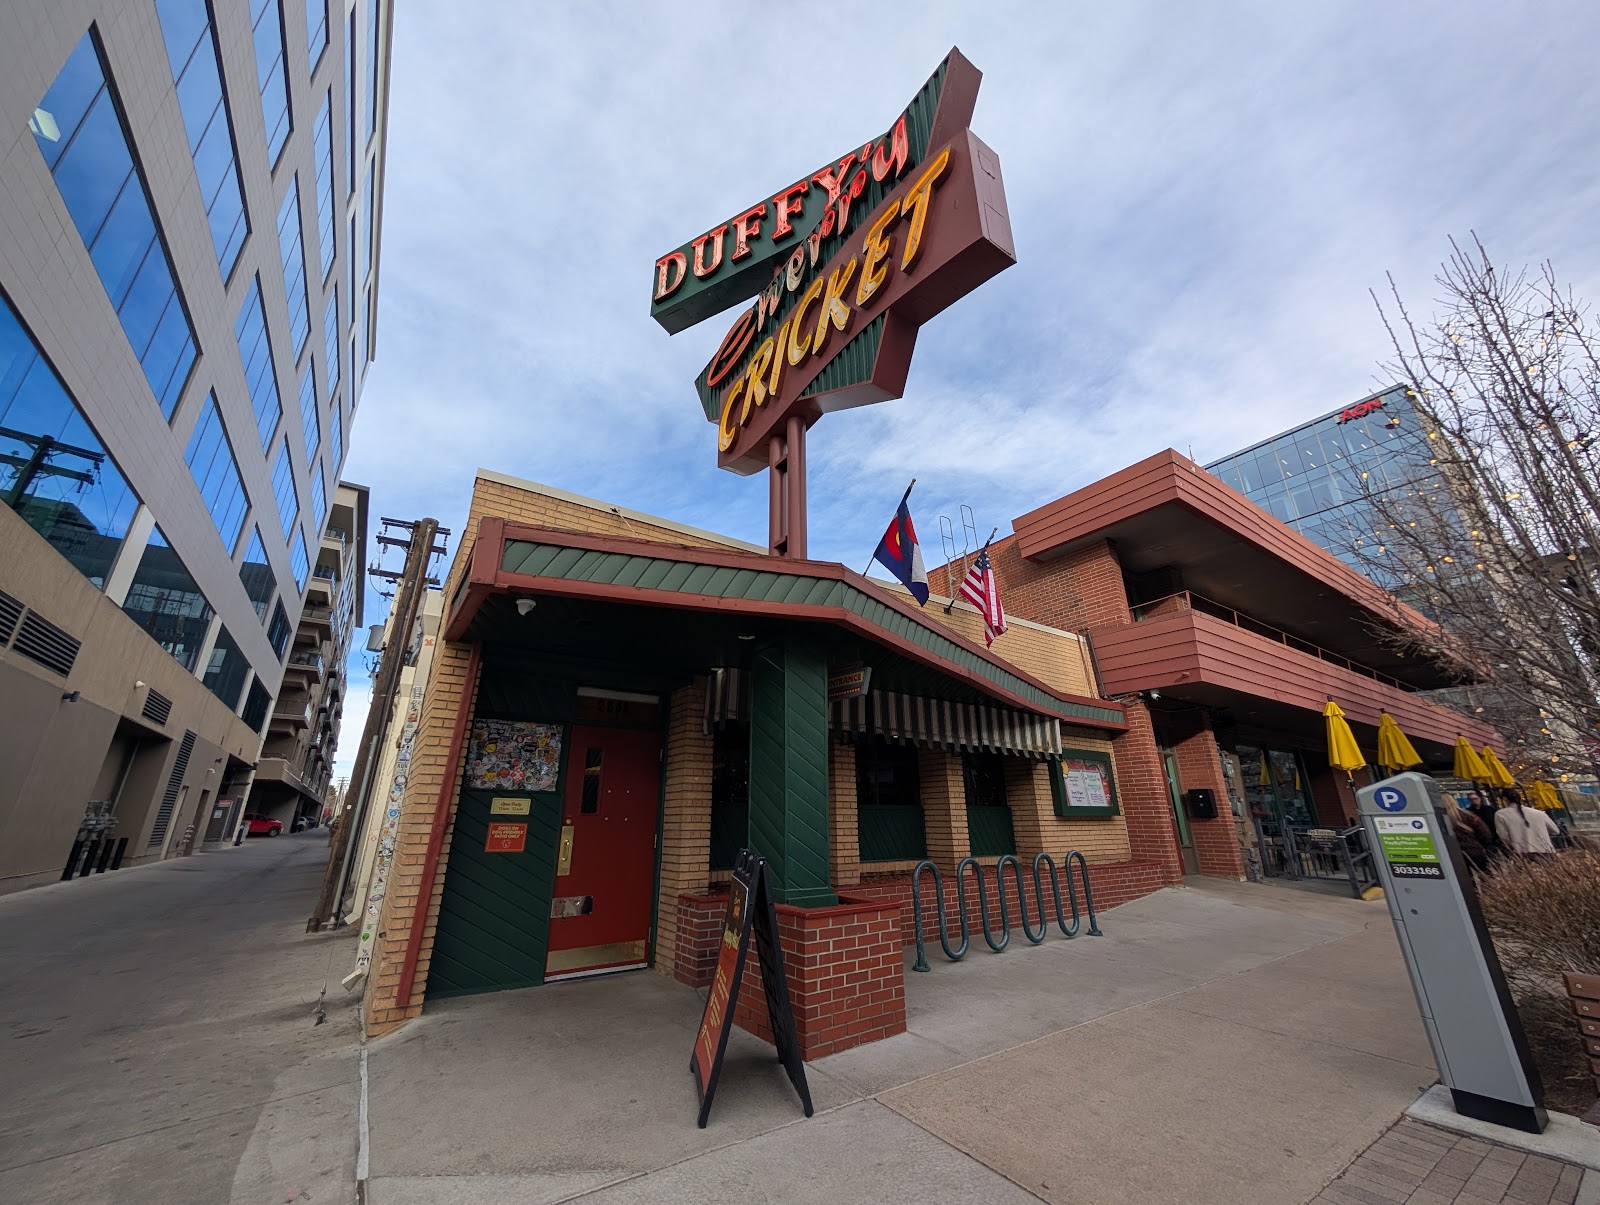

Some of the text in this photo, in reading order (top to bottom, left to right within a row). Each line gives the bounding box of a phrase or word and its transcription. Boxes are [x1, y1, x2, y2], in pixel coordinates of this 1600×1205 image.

[654, 142, 873, 301] DUFFY'
[719, 146, 952, 452] CRICKET
[1340, 398, 1382, 422] AON
[829, 673, 862, 688] NTRANCE
[1381, 791, 1399, 808] P
[1393, 866, 1440, 875] 3033166
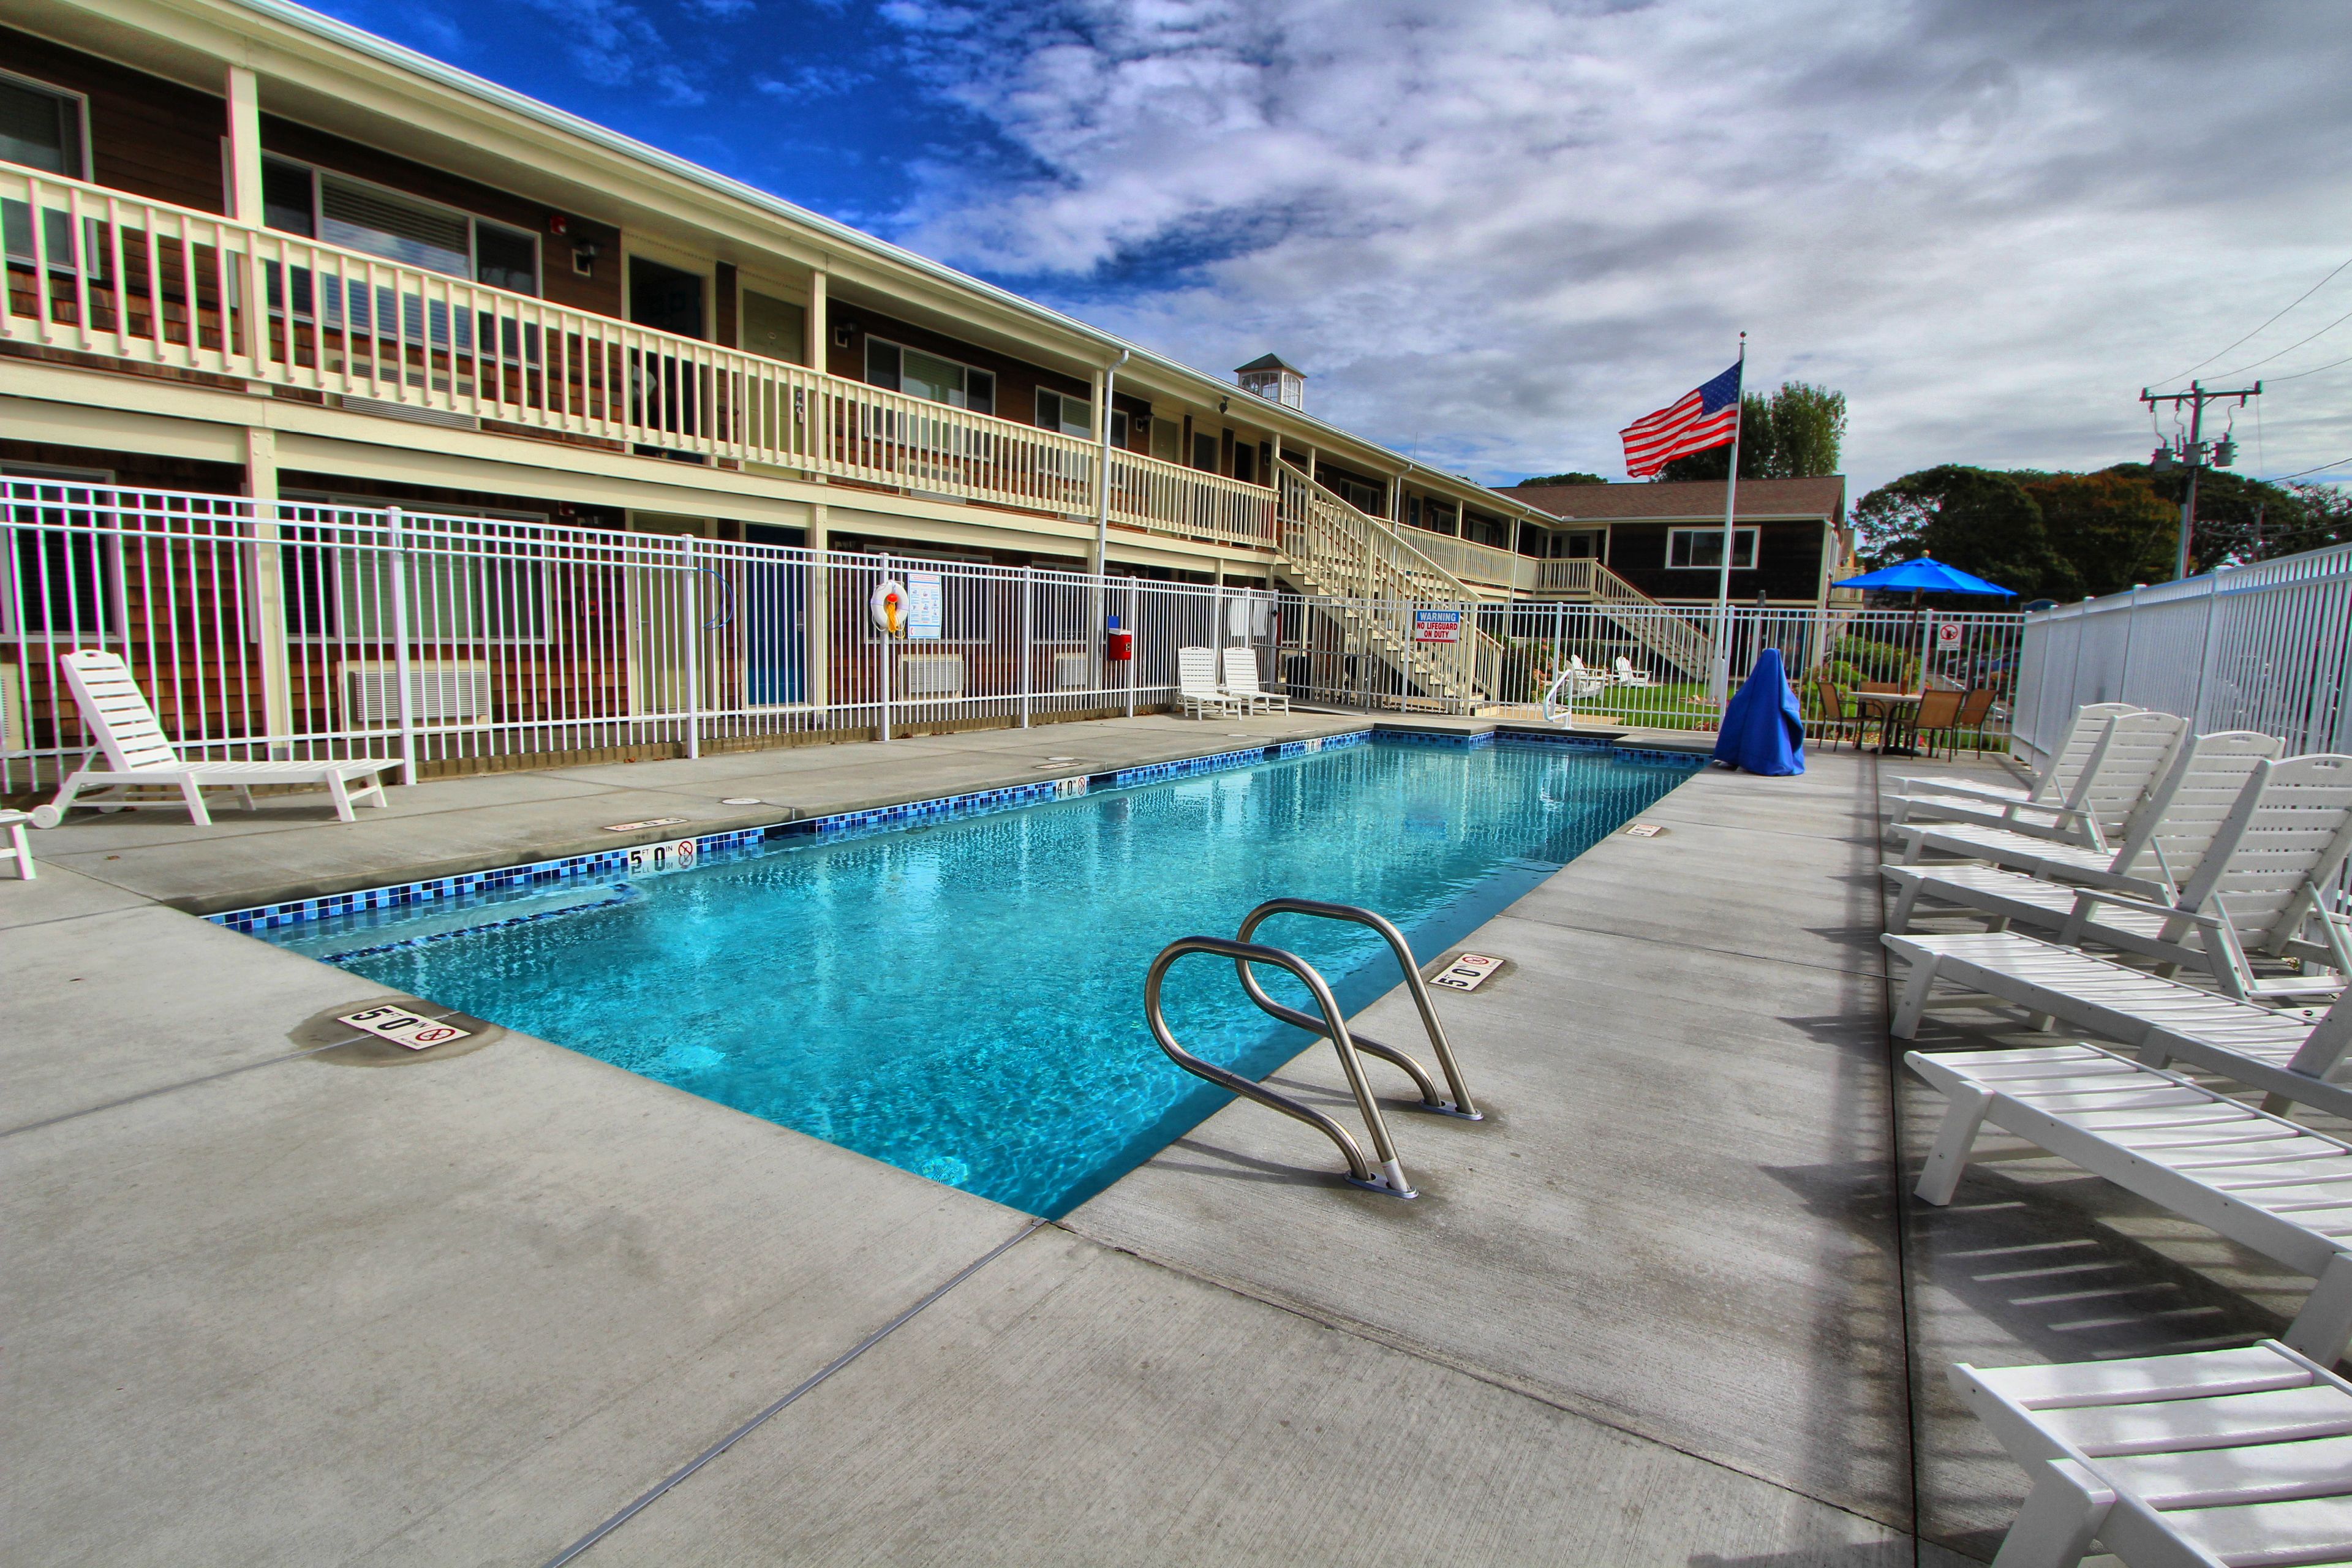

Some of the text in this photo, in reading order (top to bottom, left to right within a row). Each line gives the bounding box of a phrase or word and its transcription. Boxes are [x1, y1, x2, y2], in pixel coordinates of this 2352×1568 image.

[1420, 612, 1457, 622] WARNING
[630, 850, 642, 864] 5
[654, 846, 665, 861] 0
[1452, 968, 1481, 977] 0
[1438, 978, 1469, 987] 5
[351, 1008, 394, 1020] 5
[377, 1017, 419, 1030] 0

━━━━

→ **WHAT YOU SHOULD DO**:
Write out every record above exactly as it stands, but leave out the pictures.

→ **OUTPUT OF THE EXERCISE**:
Some of the text in this photo, in reading order (top to bottom, left to right within a row). Each line gives the bounding box of a phrase or word and its transcription. Boxes are [x1, y1, x2, y2], in pixel coordinates of this 1600×1205 image.

[654, 142, 873, 301] DUFFY'
[719, 146, 952, 452] CRICKET
[1340, 398, 1382, 422] AON
[829, 673, 862, 688] NTRANCE
[1381, 791, 1399, 808] P
[1393, 866, 1440, 875] 3033166

Some of the text in this photo, in reading order (top to bottom, left to right within a row). Each line gives the bounding box of a phrase or word and its transcription. Boxes are [x1, y1, x2, y2], in pixel coordinates of this 2352×1568 image.

[1420, 612, 1457, 622] WARNING
[630, 850, 642, 864] 5
[654, 846, 665, 861] 0
[1452, 968, 1481, 977] 0
[1438, 978, 1469, 987] 5
[351, 1008, 394, 1020] 5
[377, 1017, 419, 1030] 0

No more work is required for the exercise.